Of the three of us, I think Mummy always felt my brother needed more attention. She was always worried about him, even crying for him everyday when he went into NS. And I think that she took her last breath even though he was not at her side because she had already seen him just a while ago and she knew that she need not worry about him anymore. My brother has done her proud, raising a fine family (one of his sons is in NS and was commissioned as an officer one week after her funeral; his other son, a keen photographer, is studying for his degree) and taking good care of her and my dad.
Strangely, after she took her last breath, her complexion changed and became very smooth and soft to the touch. She smelled so good and fresh too.
I had wished for a long time that she would be released from her suffering so that one day I would be able to talk to her, to hear her voice again. Until today, I still have not heard her voice and wonder when that would be. I miss hearing her voice so much.
I tell my kids not to leave room for regrets in their lives. Because I do have regrets and regrets haunt you for a long time. I regret not spending more time with her, talking to her while she still could. I regret not holding her more often and telling her how much I loved her. I regret all those lost years when I was so preoccupied with my own life and new family. I regret that my kids did not get to know her or get the opportunity to be pampered by her as she loved children so much.
I don't think that anything we do will ever be enough for all that she went through for us. Everything she did, she did for us. My only consolation is that we gave her the Buddhist rites that she would have wanted.

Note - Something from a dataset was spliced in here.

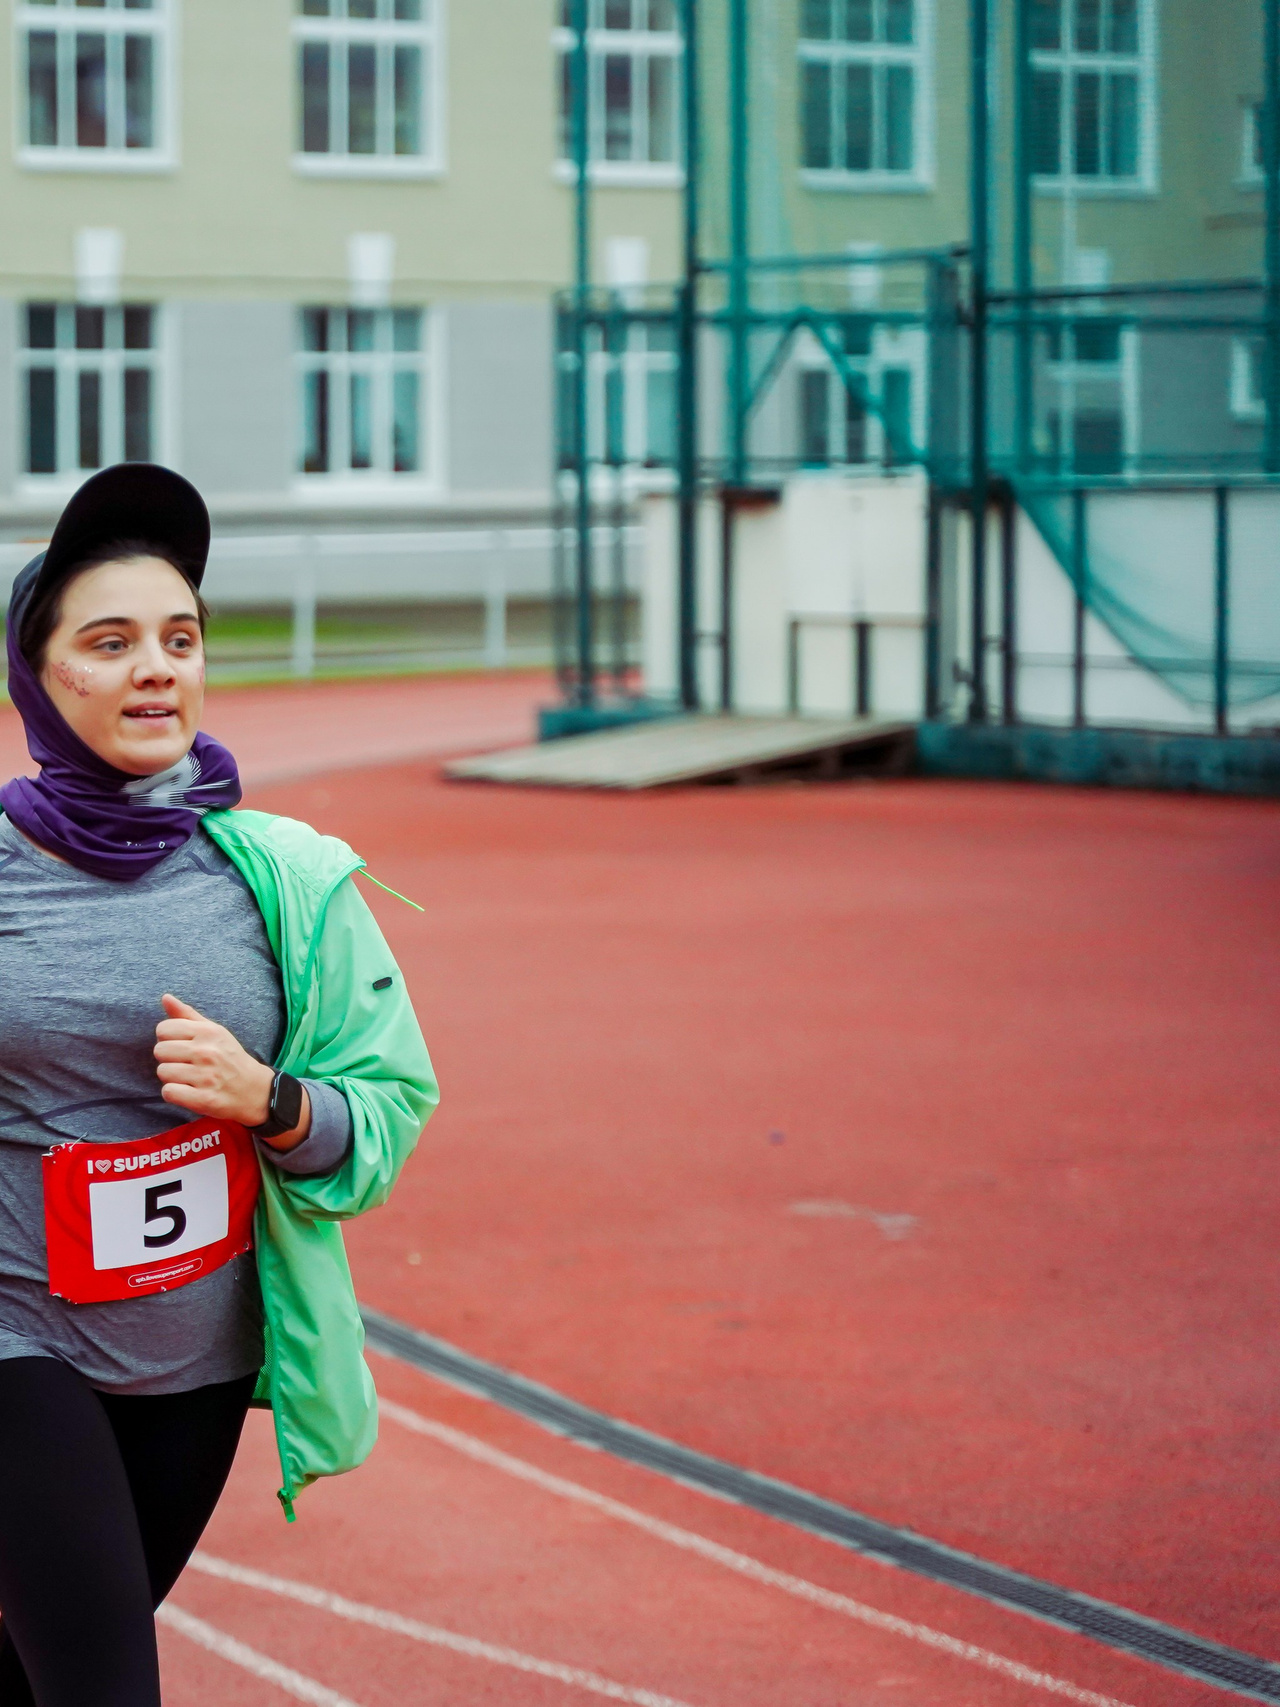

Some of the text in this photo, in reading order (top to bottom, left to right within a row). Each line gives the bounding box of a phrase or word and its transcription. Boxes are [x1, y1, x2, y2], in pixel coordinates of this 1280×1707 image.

[87, 1130, 221, 1174] I SUPERSPORT
[143, 1179, 187, 1249] 5

Raised as a staunch Buddhist, Mummy had always found comfort in the priests' blessings. On Sunday evening at the hospital, she received blessings from a priest that she had known for many years. Right after she passed away at the hospital, he was there again to bless her.
I don't know how long the pain of losing her will last. We all grieve in our own private way. I think about her everyday and cry for her still. My dad looks at her photo and talks to her. He too, never stops thinking about her. Neither do the rest of our family...Mummy remains in all our thoughts.
Buddhists believe that when a person dies, they will be reborn. Every night during her wake, there were prayers where we chanted prayers and transferred merits to her, providing for a more auspicious rebirth in her new existence. As the priest said, being the good person that she was, she already had earned merits for herself.
Impermanence alas are formations,
subject to rise and fall.
Having arisen, they cease;
their subsiding is bliss.
As water raining on a hill
flows down to the valley,
even so does what is given here
benefit the dead.
As rivers full of water
fill the ocean full,
even so does what is given here
benefit the dead.
Mummy never enforced her religion or beliefs on us. But she did bring us to the temple often and we could see how dedicated she was. Her passing has made me understand her faith a little better and has made me want to know more.
My wish now is that we will all be together again in our next life. And I am still waiting for her to speak to me.